Between March 8 and March 10, the co-founder of Flamingo Capital and his partners hurriedly contacted each of their portfolio companies to check whether they had deposits at Silicon Valley Bank. News spread that the California niche bank catering to startups was in deep financial trouble. They urged their eight Miami startups who were clients of the bank — which opened an office in Brickell in late 2021 — to urgently wire their money out and to open new accounts at multiple larger banks.

Four of the eight companies could before the bank collapsed on March 10, said Adamo, who moved here from New York in 2012. He also asked other investment firms, if they could wire fresh capital into those startups’ new accounts amid the massive uncertainty among regional banks nationwide prompted by the bank’s abrupt failure. They did, but those were “definitely the scariest days for us” as investors, he said.

Adamo’s firm certainly wasn’t alone. At least half of the tech startup businesses operating in Miami apparently had their money in SVB, according to a reliable estimate given to the Herald. And the bank’s managers in Brickell were reaching deeper in the Miami area to sponsor tech-related events. In one such case, it turns out the bank hasn’t delivered the city of Miami $15,000 it promised to invest in the winning Black-run startup firm after a February entrepreneurship contest city officials held.

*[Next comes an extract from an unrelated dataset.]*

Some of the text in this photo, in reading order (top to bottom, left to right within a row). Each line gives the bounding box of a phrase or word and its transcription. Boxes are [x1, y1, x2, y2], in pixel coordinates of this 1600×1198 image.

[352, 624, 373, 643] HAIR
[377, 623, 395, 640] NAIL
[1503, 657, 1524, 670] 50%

Miami’s tech and finance sectors surged the past two years in a pandemic-induced expansion. Entrepreneurs, venture capitalists, and private equity titans moved to Miami and helped transform the city. Many came from New York and California. And last year, Miami posted a sharp increase in venture capital dollars invested and number of venture investment deals done, bucking softer trends in traditional tech hubs like Boston, the San Francisco Bay Area and nationally. Miami was different, excited newcomers and locals supporting or working in the blossoming tech ecosystem proclaimed.

Yet, the aftermath of Silicon Valley Bank’s collapse underscored that the larger the technology and finance sectors become in Miami, the more the city and surrounding South Florida area get exposed to significant blowback — even when the epicenter of an implosion from the second-largest bank failure in U.S. history occurred thousands of miles away on the West Coast. Miami’s continuing goal of going big in tech comes with high risks of unintended consequences.

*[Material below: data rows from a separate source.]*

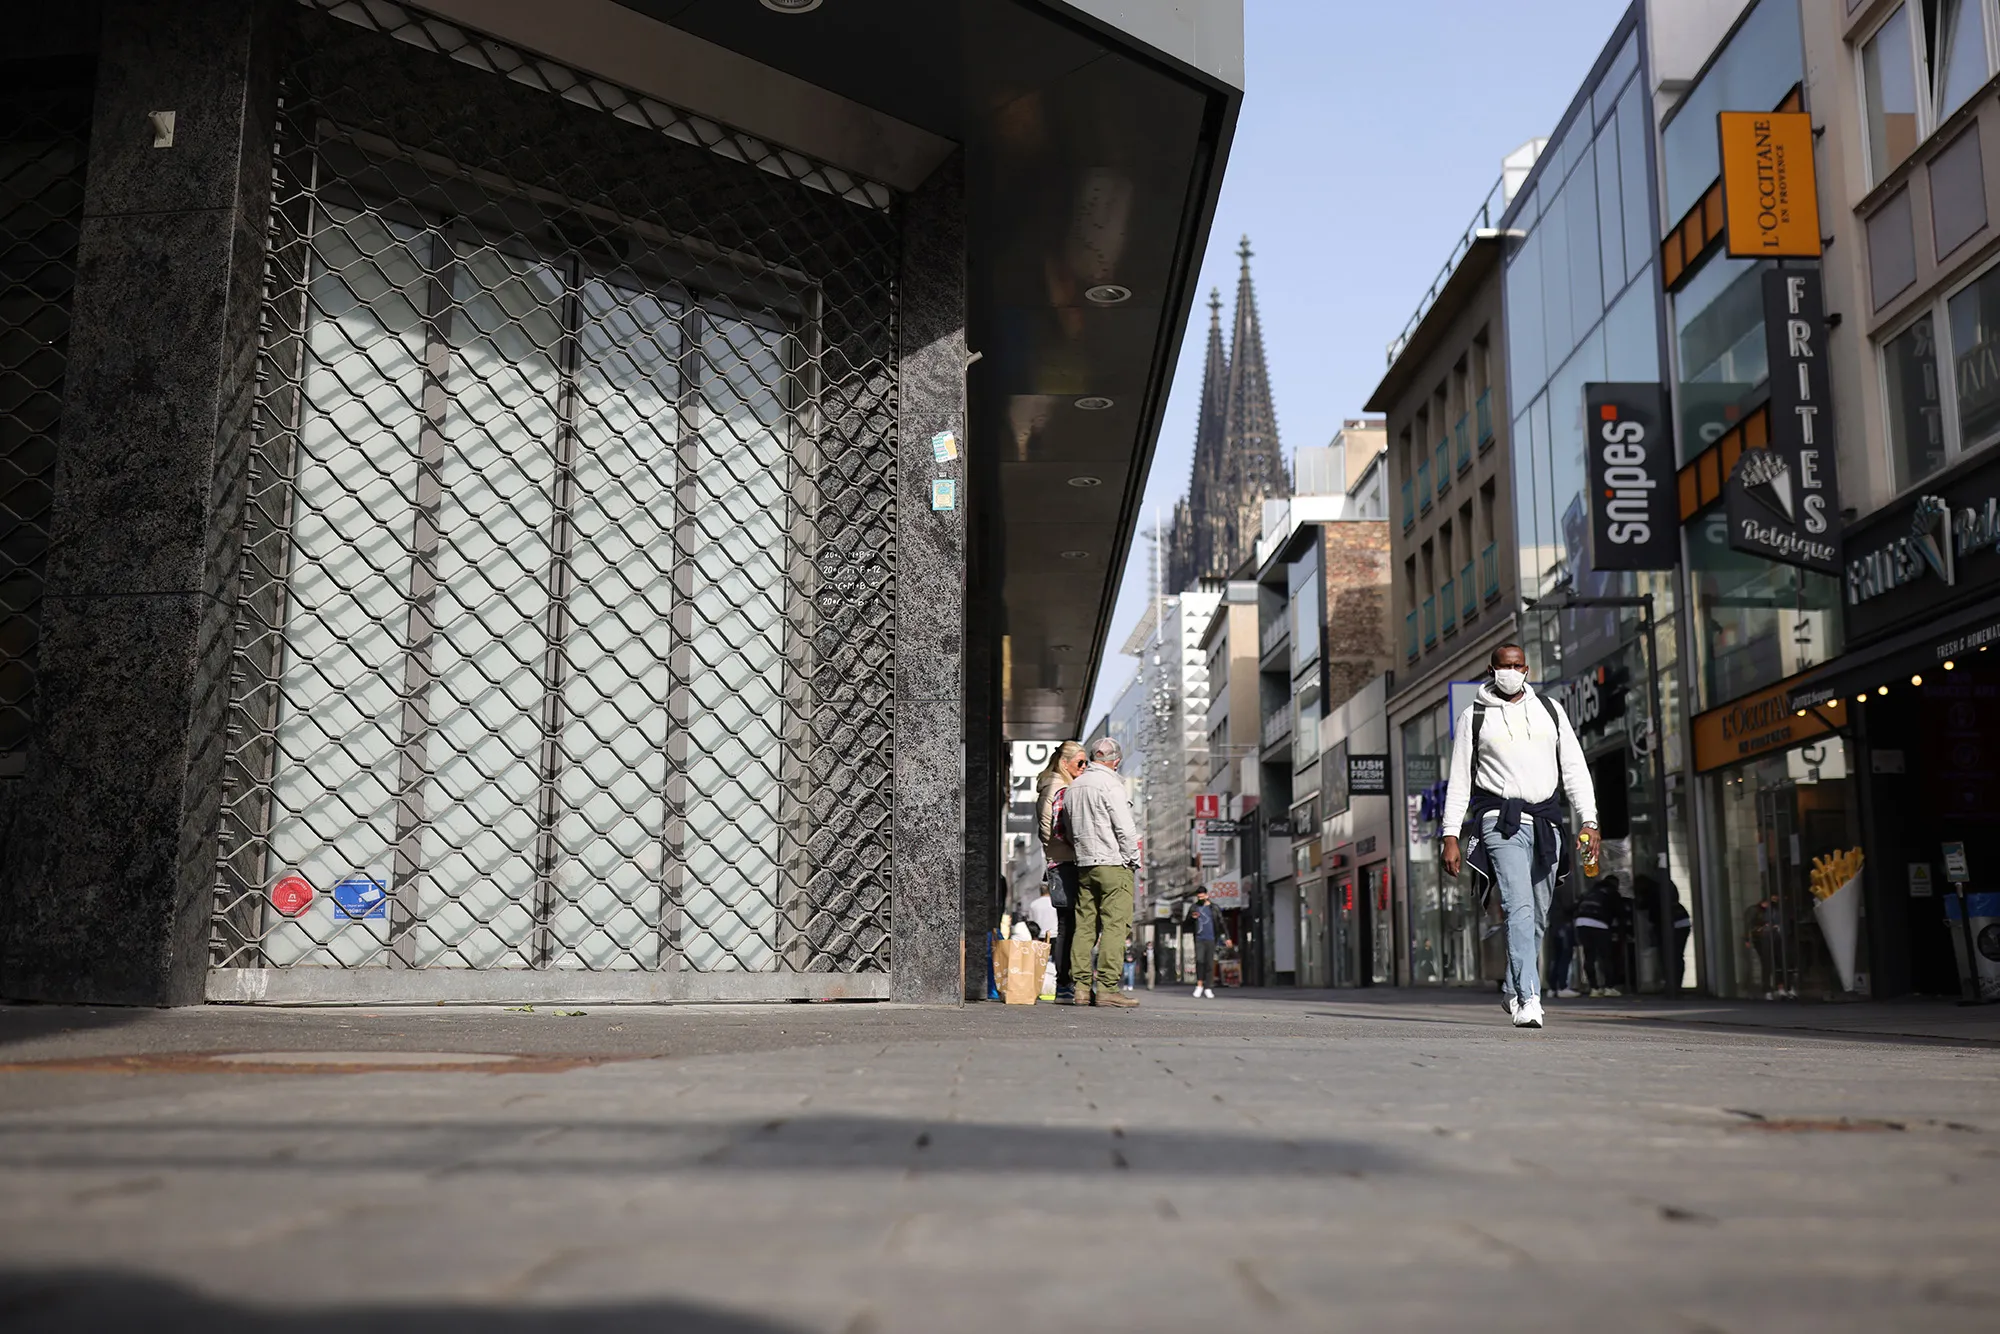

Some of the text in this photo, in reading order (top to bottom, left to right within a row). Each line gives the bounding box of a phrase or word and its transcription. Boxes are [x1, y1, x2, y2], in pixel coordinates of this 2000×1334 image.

[1755, 120, 1779, 248] L'OCCITANE
[1776, 144, 1790, 223] EN PROVENCE
[1787, 277, 1828, 534] FRITES
[1601, 420, 1657, 545] snipes
[1741, 518, 1836, 562] Belgique
[1558, 668, 1600, 737] nipes
[1351, 760, 1384, 770] LUSH
[1351, 770, 1384, 779] FRESH

“We’re not insulated from any of that stuff,” Adamo said of the bank’s misfortunes. “We’re not ever going to be an island.”

‘It’s part of capitalism’

Miami Mayor Francis Suarez has been particularly bullish on tech, determined to establish a sustainable, thriving tech cluster here. He’s played a large part in accelerating the city’s massive tech and finance expansion, since his now-famous tweet in December 2020. Suarez responded to a Twitter poster in the throes of pandemic shutdowns in California, suggesting bringing Silicon Valley — the startups and investors, not the bank — to Miami with a simple tweet of his own: “How can I help?”

City of Miami Mayor Francis Suarez delivers his State of the City address at Miami City Hall on Friday, Jan. 27, 2023.
City of Miami Mayor Francis Suarez delivers his State of the City address at Miami City Hall on Friday, Jan. 27, 2023.

In a rare interview last week in City Hall, the mayor said, “A lot has gone through my mind” since Silicon Valley Bank’s failure. However, he has no second thoughts on going all-in on tech.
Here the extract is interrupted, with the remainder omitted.